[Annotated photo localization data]
────────

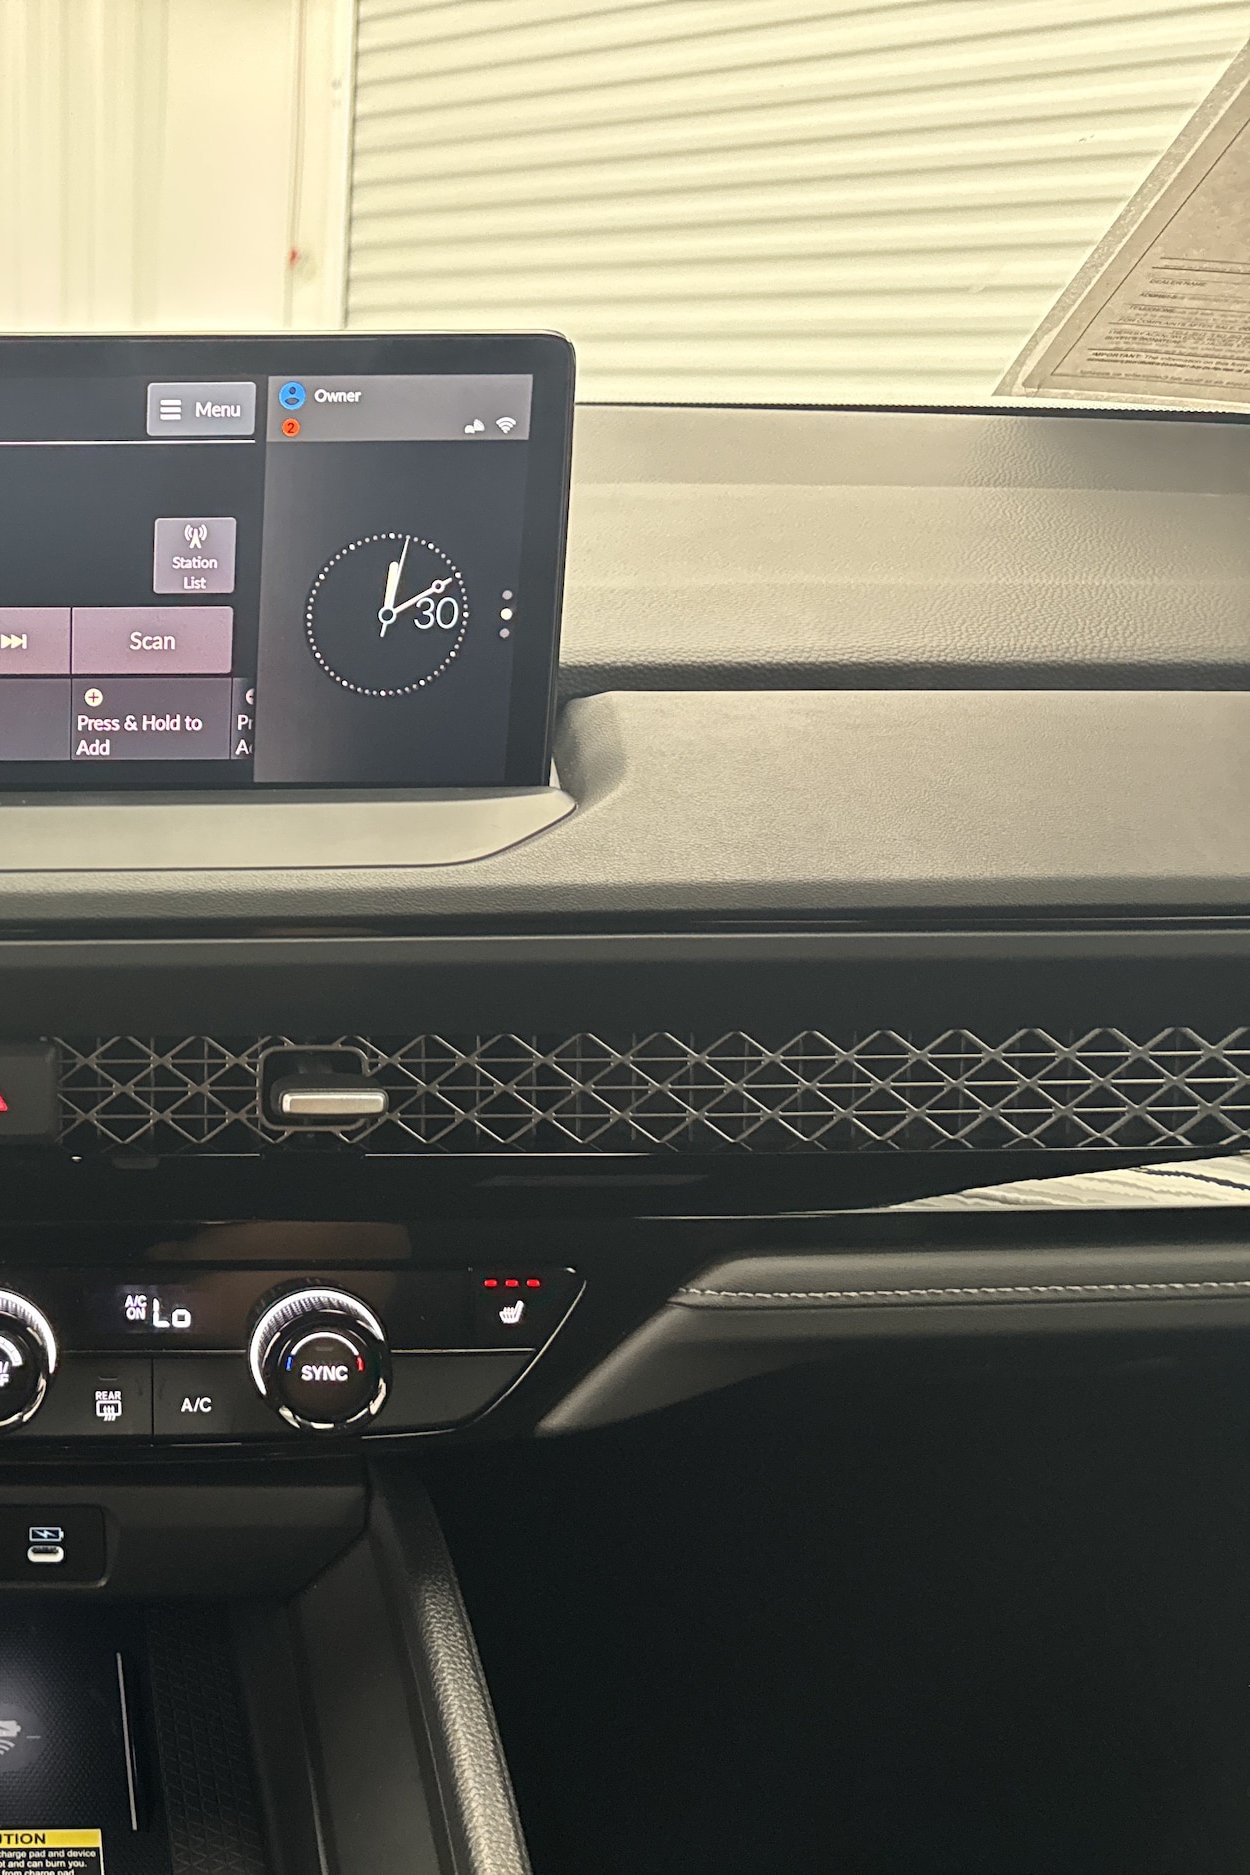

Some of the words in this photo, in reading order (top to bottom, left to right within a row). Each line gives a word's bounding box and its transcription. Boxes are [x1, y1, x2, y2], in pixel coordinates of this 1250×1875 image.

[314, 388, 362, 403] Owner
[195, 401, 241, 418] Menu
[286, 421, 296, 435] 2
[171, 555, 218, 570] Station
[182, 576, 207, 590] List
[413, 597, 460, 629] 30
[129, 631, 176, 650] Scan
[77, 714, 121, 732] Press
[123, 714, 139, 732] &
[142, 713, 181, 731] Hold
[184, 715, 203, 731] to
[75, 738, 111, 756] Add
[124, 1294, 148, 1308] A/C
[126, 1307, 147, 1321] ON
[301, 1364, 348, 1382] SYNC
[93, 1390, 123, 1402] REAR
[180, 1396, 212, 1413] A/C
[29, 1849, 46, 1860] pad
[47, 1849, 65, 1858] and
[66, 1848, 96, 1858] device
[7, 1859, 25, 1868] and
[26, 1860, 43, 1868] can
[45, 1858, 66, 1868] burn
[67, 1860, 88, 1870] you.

────────

Output the entries verbatim but drop the images.

> Solution to the problem
Some of the words in this photo, in reading order (top to bottom, left to right within a row). Each line gives a word's bounding box and its transcription. Boxes are [x1, y1, x2, y2], in pixel coordinates of this 1250×1875 image.

[314, 388, 362, 403] Owner
[195, 401, 241, 418] Menu
[286, 421, 296, 435] 2
[171, 555, 218, 570] Station
[182, 576, 207, 590] List
[413, 597, 460, 629] 30
[129, 631, 176, 650] Scan
[77, 714, 121, 732] Press
[123, 714, 139, 732] &
[142, 713, 181, 731] Hold
[184, 715, 203, 731] to
[75, 738, 111, 756] Add
[124, 1294, 148, 1308] A/C
[126, 1307, 147, 1321] ON
[301, 1364, 348, 1382] SYNC
[93, 1390, 123, 1402] REAR
[180, 1396, 212, 1413] A/C
[29, 1849, 46, 1860] pad
[47, 1849, 65, 1858] and
[66, 1848, 96, 1858] device
[7, 1859, 25, 1868] and
[26, 1860, 43, 1868] can
[45, 1858, 66, 1868] burn
[67, 1860, 88, 1870] you.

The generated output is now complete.